Rencana Pemerintah Kota Semarang yang akan memasang parking meter di beberapa ruas jalan dengan tujuan mengurangi kemacetan akibat parkir liar dan menambah pendapatan asli daerah (PAD) mendapat dukungan dari pengamat transportasi Unika Soegijapranata, Djoko Setijowarno.
”Saya mendukung penuh, tapi ada yang perlu diperhatikan seperti akan diletakkan di mana? Pekerjanya dan instrumen yang lainnya bagaimana? Sebab kalau pakai parking meter saja juga masih rawan bocor,” katanya kepada Jawa Pos Radar Semarang, Jumat (10/2) malam.
Salah satu yang disorot adalah dari segi tenaga kerja. Menurut dia, tenaga kerja parkir ini sangat memengaruhi pendapatan ataupun ketertiban dari parkir itu sendiri. ”Dari tenaga kerja, mau diambil dari mana? Sistem penggajiannya gimana? Berapa lama jam kerjanya?” ungkapnya.
Dari sisi tenaga kerja itu sendiri, lanjut Djoko, masih memungkinkan terjadi kebocoran. Apalagi kultur orang Indonesia yang malas untuk berjalan jauh. Bisa jadi sistem pembayaran yang rencananya menggunakan kartu, tidak bisa berjalan dengan baik, karena masyarakat lebih sesuatu yang simpel.
Menurut Djoko, penerapan sistem parking meter dinilainya tidak begitu signifikan untuk meningkatkan PAD. Justru dikhawatirkan akan menambah kemacetan, terlebih pemasangan parking meter ini belum jelas berapa panjangnya dan aturannya seperti apa.
”Juru parkir liar bisa dirangkul, namun harus ditarget.
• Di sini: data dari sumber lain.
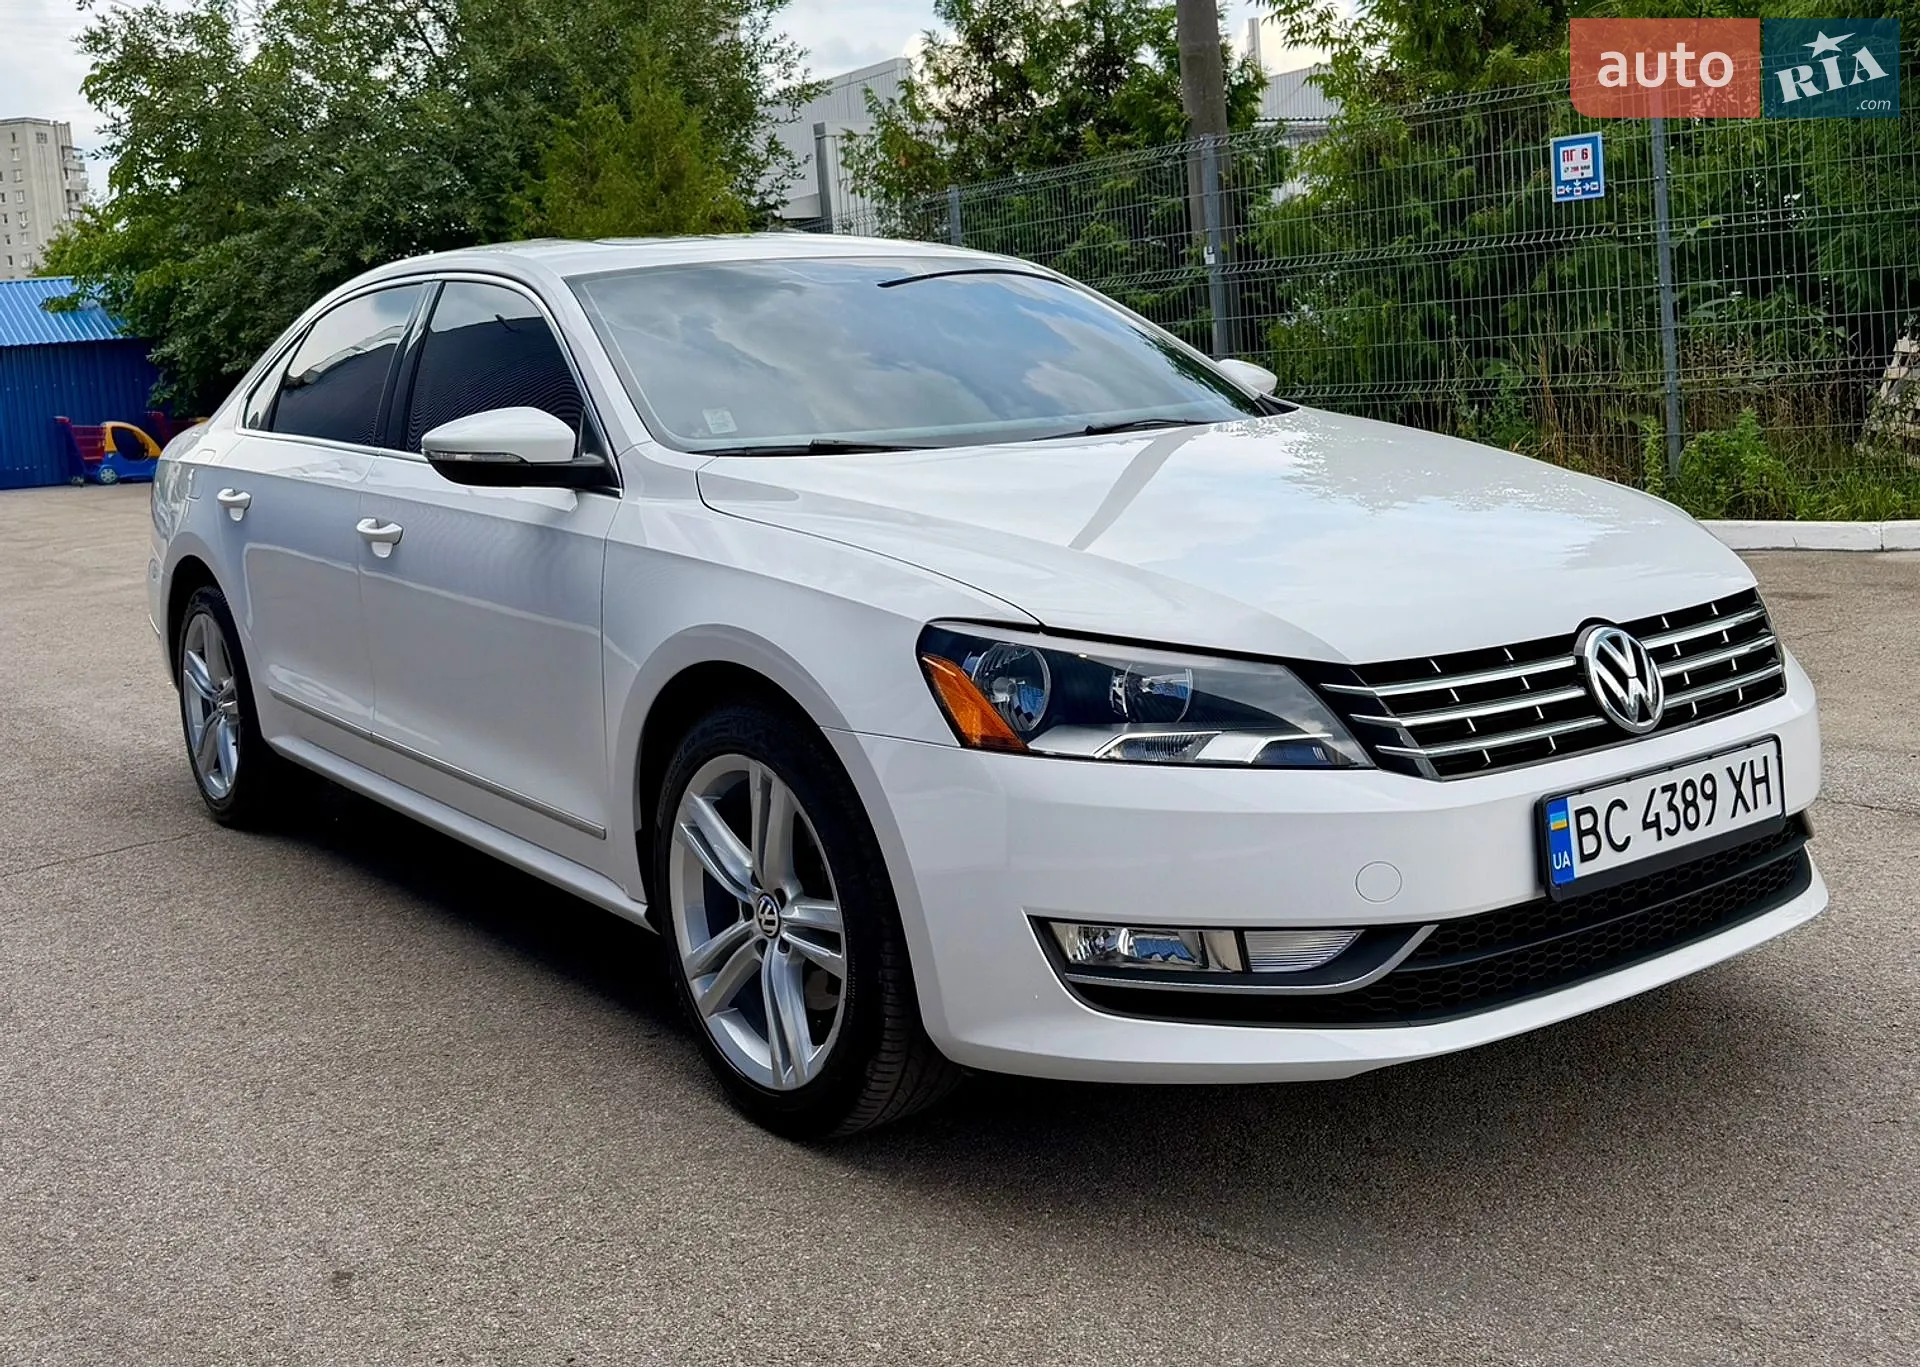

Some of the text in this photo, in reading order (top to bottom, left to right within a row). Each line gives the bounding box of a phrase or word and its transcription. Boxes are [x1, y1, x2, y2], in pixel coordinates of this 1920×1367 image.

[1562, 148, 1589, 162] ПГ 6
[1575, 755, 1772, 863] BC 4389 XH
[1553, 852, 1571, 871] UA
Kalau memang melenceng dan masih banyak bocor ya harus dipecat. Makanya para juru parkir harus diberi pelatihan dulu. Kalau pakai tenaga kerja baru, malah akan menambah pengangguran,” katanya.
Setelah rencana pemasangan parking meter tersusun dengan matang, Pemkot Semarang perlu melakukan sosialisasi. Selain itu, juga harus ada daya tarik agar pengguna kendaraan mau menggunakan lahan parkir yang disediakan.
”Jangan sampai habis di-launching malah mangkrak, malah buang-buang anggaran. Rencana ini tidak boleh asal tiru, harus direncanakan sistemnya secara matang, tujuannya tentu agar sejalan dengan program pemerintah,” ujarnya.
Ia mengungkapkan, beberapa kota yang telah menggunakan parking meter, ternyata masih belum bisa berjalan dengan baik, dan masih bisa terjadi kebocoran karena juru parkir yang nakal.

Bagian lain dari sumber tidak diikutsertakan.